Uzbequistão - Grupo K
🇺🇿🔥 Uzbequistão, o sonho com cara de time grande
Uma campanha de passos firmes, placares curtos e nervos de aço levou a seleção a transformar regularidade em passaporte.
Introdução
A história do Uzbequistão nessa caminhada não começa com fogos nem com manchetes de goleada. Começa com uma ideia mais rara: controle. Controle do jogo quando dá, controle do risco quando aperta, e controle emocional quando a partida vira uma prova de paciência. É uma seleção que aprendeu a ganhar sem precisar “brilhar” em todas as noites — e, em Eliminatórias longas, isso costuma valer ouro.
O retrato mais fiel aparece nos detalhes: vitórias por margem mínima, empates que não desmancham a estrutura e uma sequência de jogos em que sofrer pouco vira um hábito. Não é um time que viva de um único roteiro. Quando precisa empurrar, encontra o gol. Quando precisa resistir, sabe fechar a porta. E quando o rival tenta arrastar o jogo para o caos, o Uzbequistão responde com uma frieza que raramente se constrói por acaso.

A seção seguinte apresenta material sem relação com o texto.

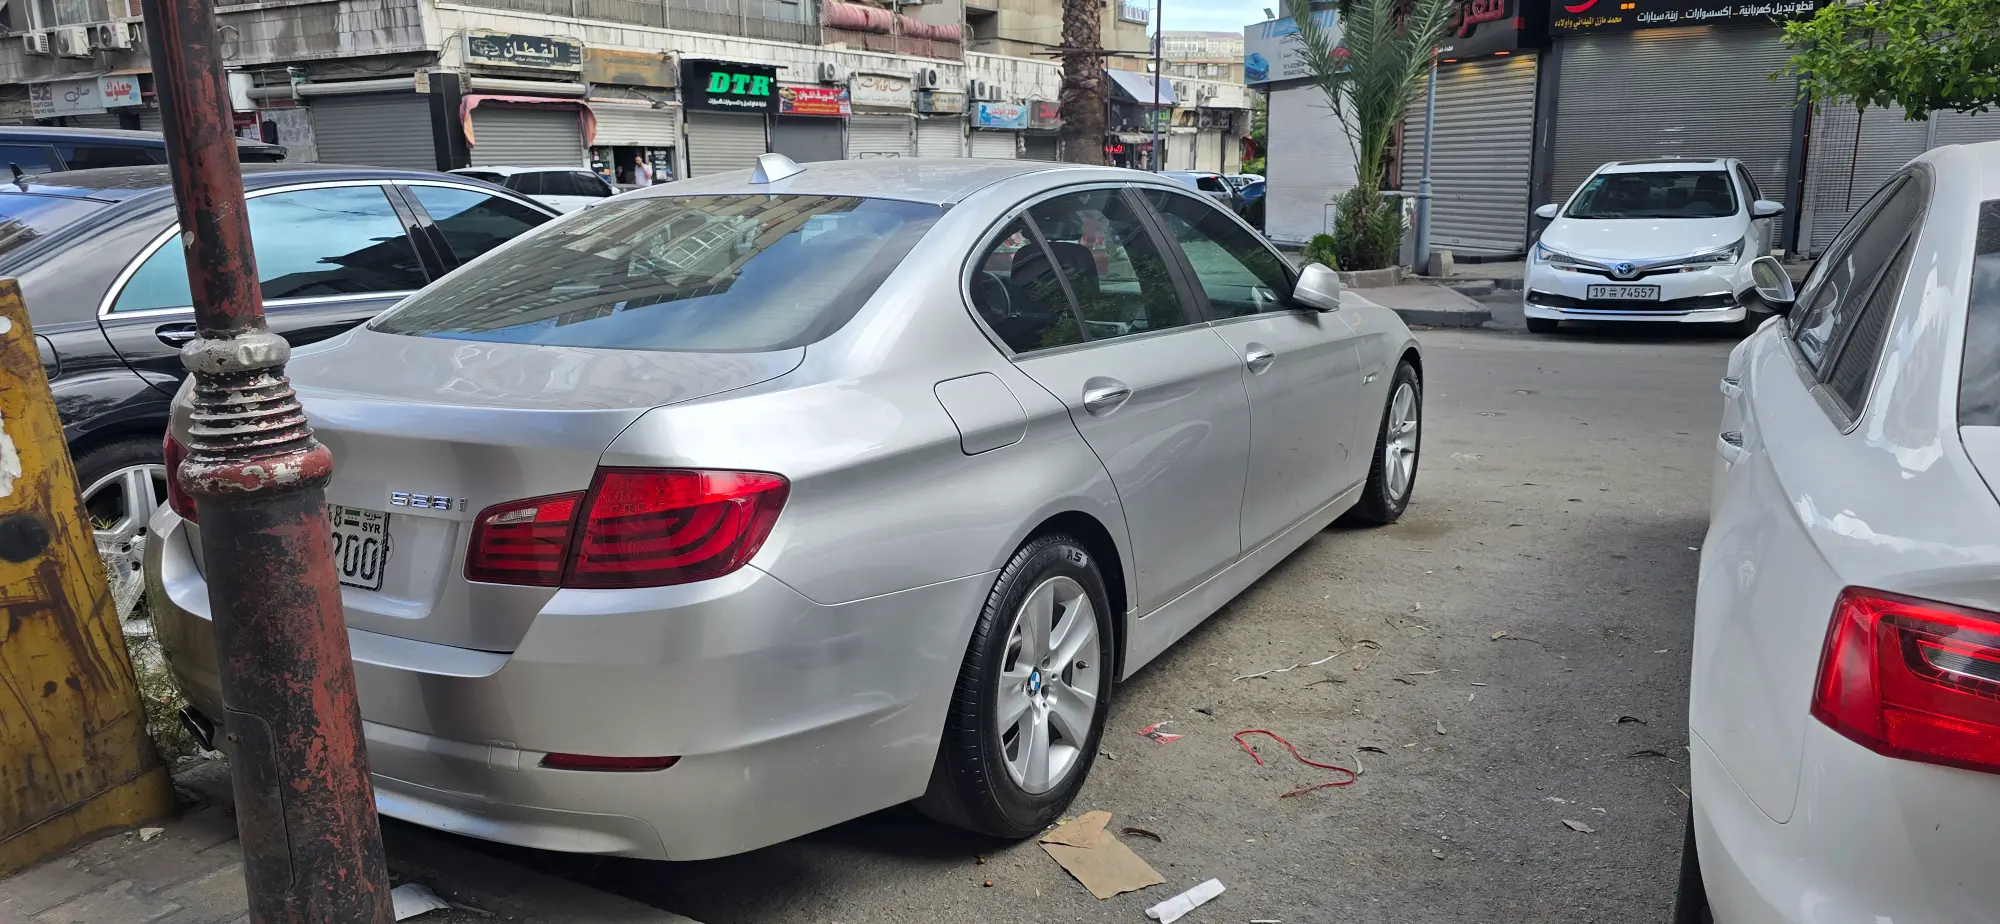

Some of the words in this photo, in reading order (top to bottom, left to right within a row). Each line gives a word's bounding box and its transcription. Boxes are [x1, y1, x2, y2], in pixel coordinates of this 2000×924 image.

[1637, 11, 1664, 23] سيارات
[503, 41, 559, 58] القطان
[706, 72, 770, 96] DTR
[1593, 287, 1606, 298] 19
[1620, 287, 1655, 298] 74557
[363, 510, 383, 521] سورية
[362, 522, 381, 534] SYR
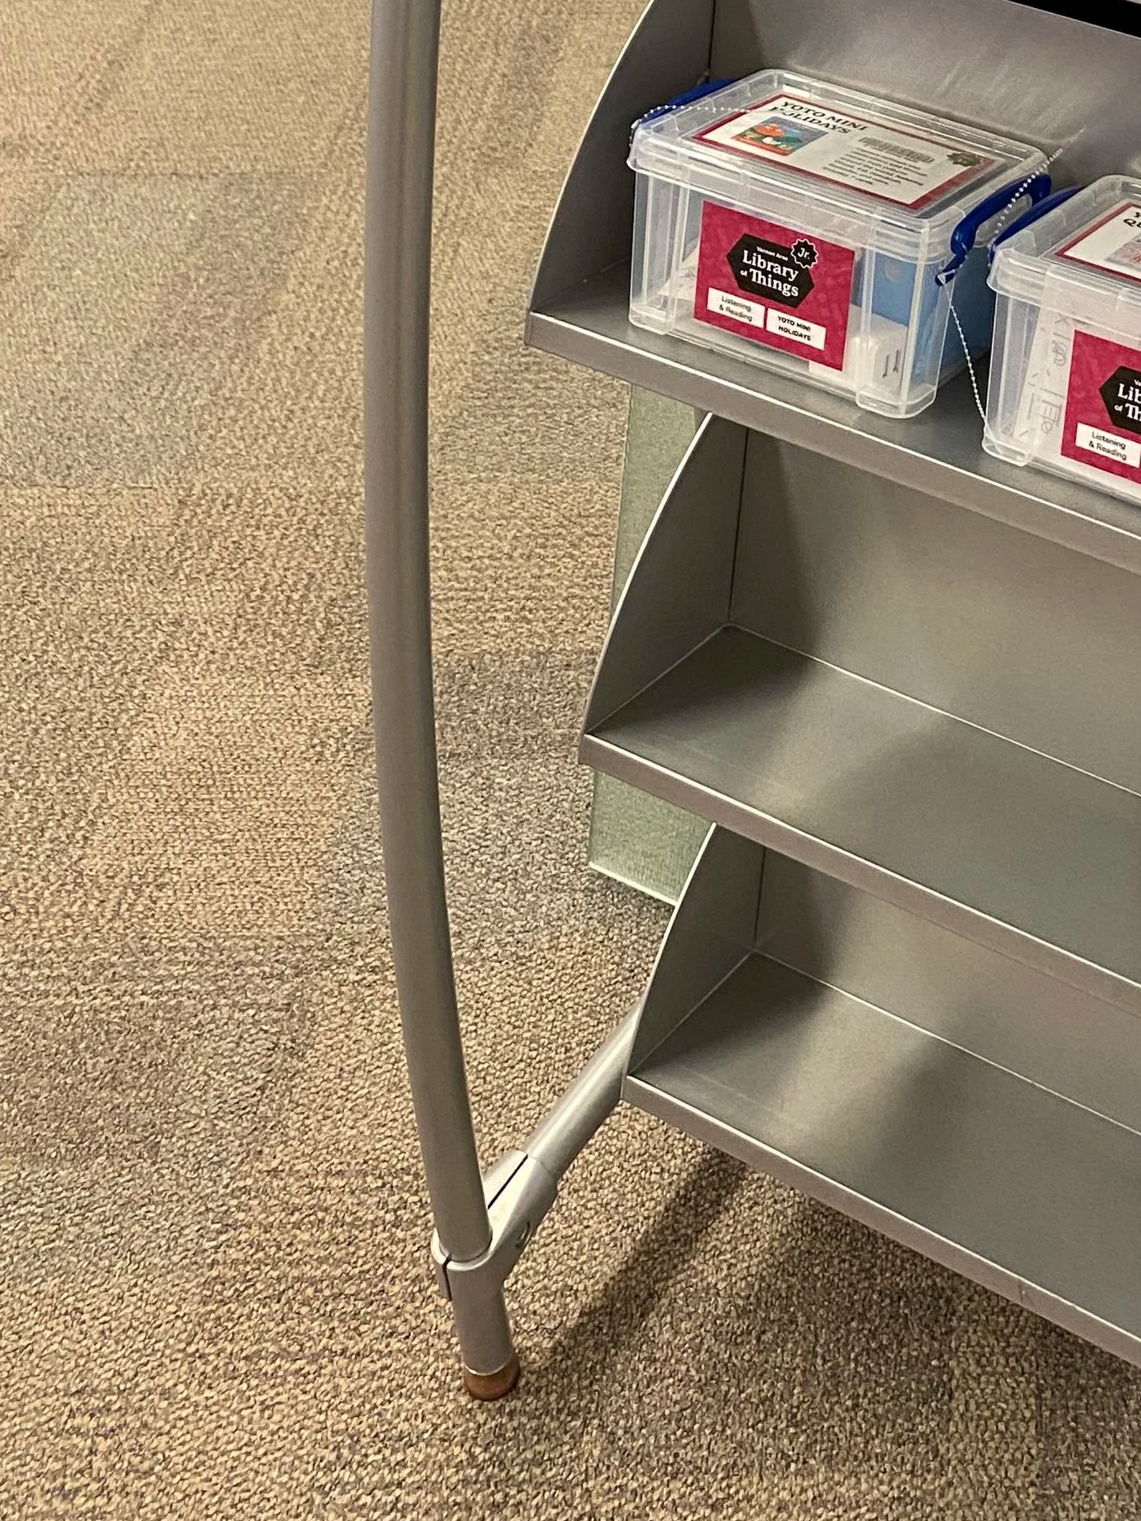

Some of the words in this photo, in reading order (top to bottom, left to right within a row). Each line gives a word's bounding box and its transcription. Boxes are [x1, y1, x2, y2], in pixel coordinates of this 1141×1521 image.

[781, 101, 826, 118] YOTO
[828, 115, 868, 131] MINI
[797, 247, 811, 260] Jr.
[742, 250, 799, 282] Library
[749, 269, 799, 297] Things
[721, 296, 752, 312] Listening
[725, 306, 753, 322] Reading
[777, 316, 795, 326] YOTO
[778, 325, 811, 341] HOLIDAYS
[1091, 431, 1126, 450] Listening
[1096, 443, 1127, 461] Reading

Os pontos de virada têm data, rival e uma assinatura comum: maturidade. Em 16 de novembro de 2023, fora de casa, venceu o Turcomenistão por 3 a 1 — jogo em que sofreu, reagiu e virou a chave no segundo tempo, com Shukurov marcando duas vezes e Shomurodov fechando nos acréscimos. Em 21 de novembro de 2023, recebeu o Irã e buscou um 2 a 2 depois de estar em desvantagem, com gols de Urunov e Sergeev: não é só resultado, é mensagem de competitividade. E em 6 de junho de 2025, o 0 a 0 fora contra os Emirados Árabes Unidos virou carimbo definitivo de solidez: não precisou vencer, precisou não se perder — e não se perdeu.
Quando aterrissamos nos números, a campanha explica o tom. Na Segunda fase, Grupo E, o Uzbequistão terminou invicto com 14 pontos em 6 jogos, 13 gols a favor e 4 contra, saldo +9. Na Terceira fase, Grupo A, avançou com 21 pontos em 10 jogos, 14 gols marcados e só 7 sofridos: um saldo +7 construído mais na disciplina do que no excesso.

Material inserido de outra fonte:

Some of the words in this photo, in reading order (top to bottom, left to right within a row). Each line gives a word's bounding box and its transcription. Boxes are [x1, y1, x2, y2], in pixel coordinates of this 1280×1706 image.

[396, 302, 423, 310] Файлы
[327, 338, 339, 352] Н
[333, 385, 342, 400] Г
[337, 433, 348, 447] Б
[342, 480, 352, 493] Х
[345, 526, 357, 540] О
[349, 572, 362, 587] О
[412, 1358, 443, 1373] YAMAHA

O que fica, portanto, é a sensação de uma seleção que não se apaixonou pela própria imagem. Fez o trabalho pesado. Passou por empates que exigem maturidade, por vitórias magras que pedem concentração até o fim e por um ou outro tropeço que serve de lembrete. E chegou ao destino com o tipo de credencial que, em Copa do Mundo, costuma render jogos incômodos para qualquer adversário.

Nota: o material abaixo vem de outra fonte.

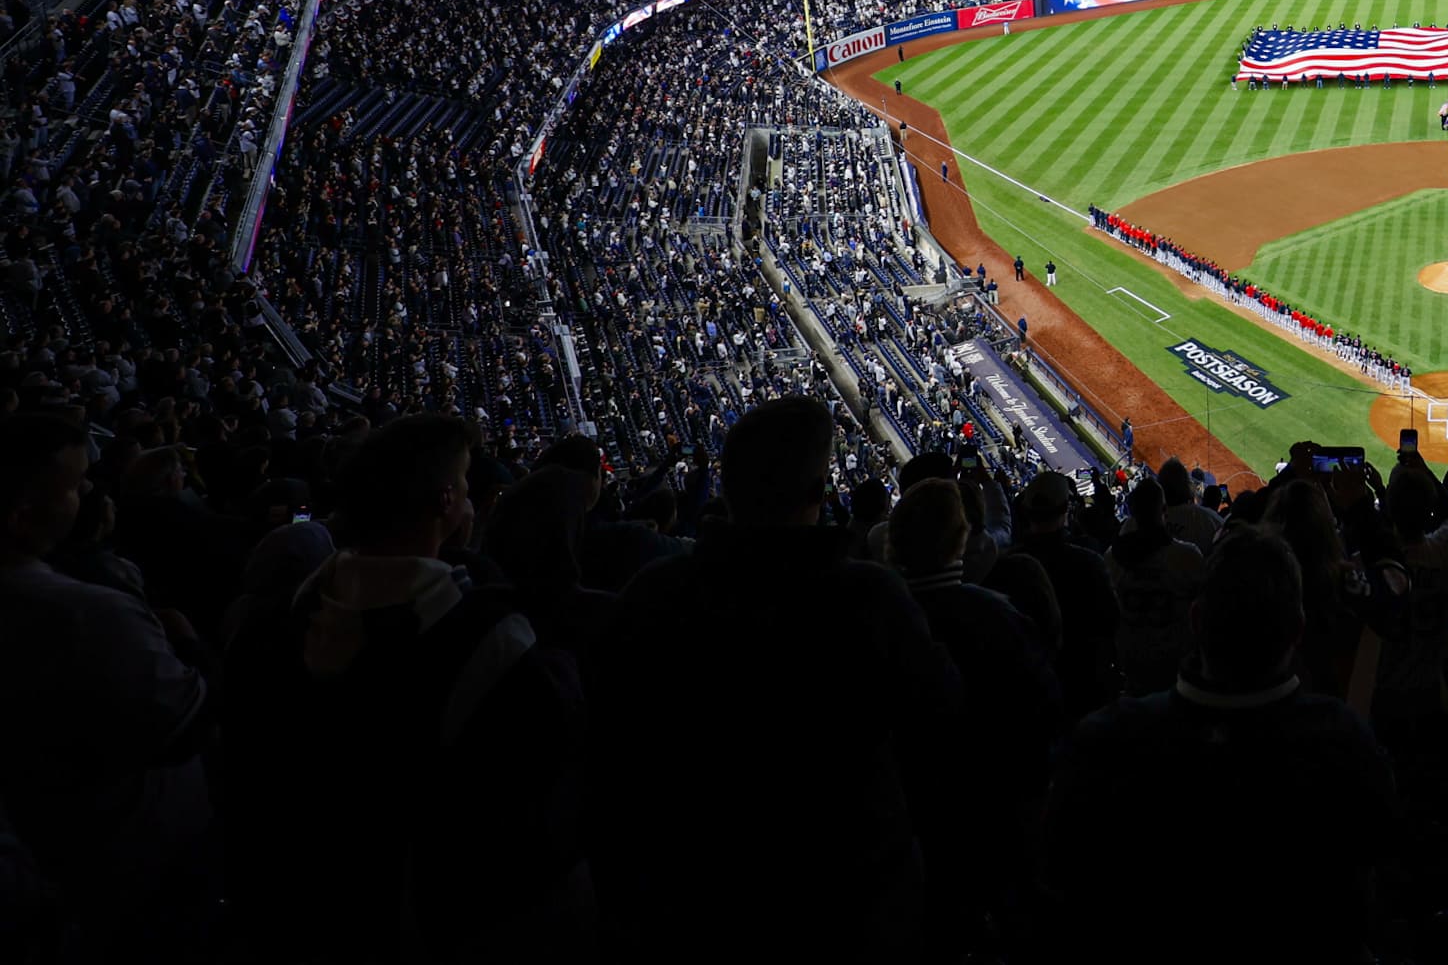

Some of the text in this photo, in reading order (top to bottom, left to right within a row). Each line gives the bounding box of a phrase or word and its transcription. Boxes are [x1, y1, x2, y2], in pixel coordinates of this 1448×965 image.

[890, 16, 951, 35] Montefiore Einstein
[829, 32, 883, 63] Canon
[1174, 341, 1279, 405] POSTSEASON
[1003, 402, 1036, 427] Yankee
[1030, 426, 1058, 453] Stadium
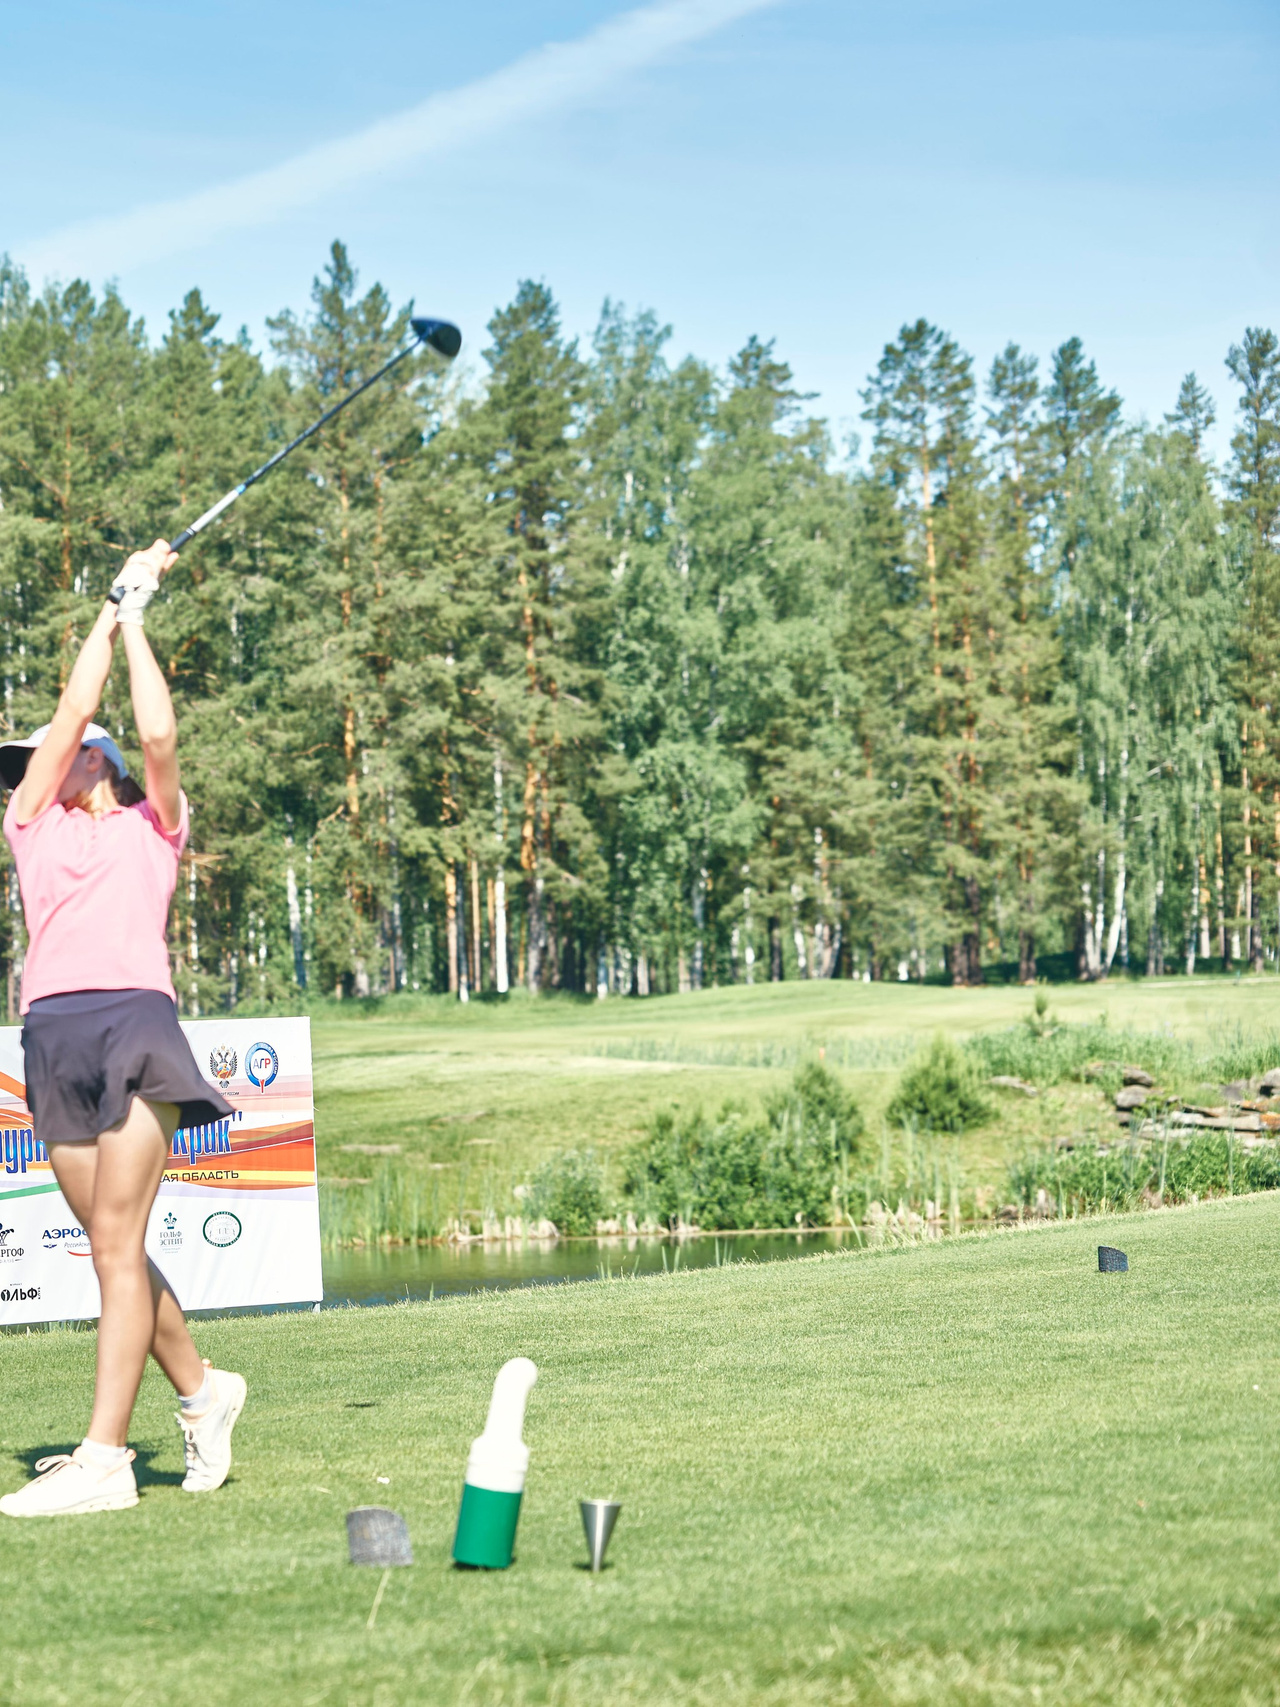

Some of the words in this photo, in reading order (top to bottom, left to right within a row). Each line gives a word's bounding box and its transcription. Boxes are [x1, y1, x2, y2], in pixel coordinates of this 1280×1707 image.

[253, 1058, 271, 1069] АГР
[160, 1173, 179, 1183] АЯ
[182, 1170, 239, 1182] ОБЛАСТЬ
[42, 1227, 89, 1240] АЭРО
[159, 1230, 183, 1239] ГОЛЬФ
[159, 1237, 184, 1246] ЭСТЕЙТ

O caminho pelas Eliminatórias
A rota asiática para a Copa do Mundo teve várias camadas, e o Uzbequistão foi atravessando cada uma delas sem perder a linha. O formato geral, no recorte que importa para esta história, colocou seleções em fase de grupos na Segunda fase e depois em uma Terceira fase também em grupos, com o objetivo de terminar entre os dois primeiros da chave para garantir classificação direta. O Uzbequistão fez isso do jeito mais “campanha”: somando quase sempre, cedendo pouco e crescendo nos jogos que pediam casca.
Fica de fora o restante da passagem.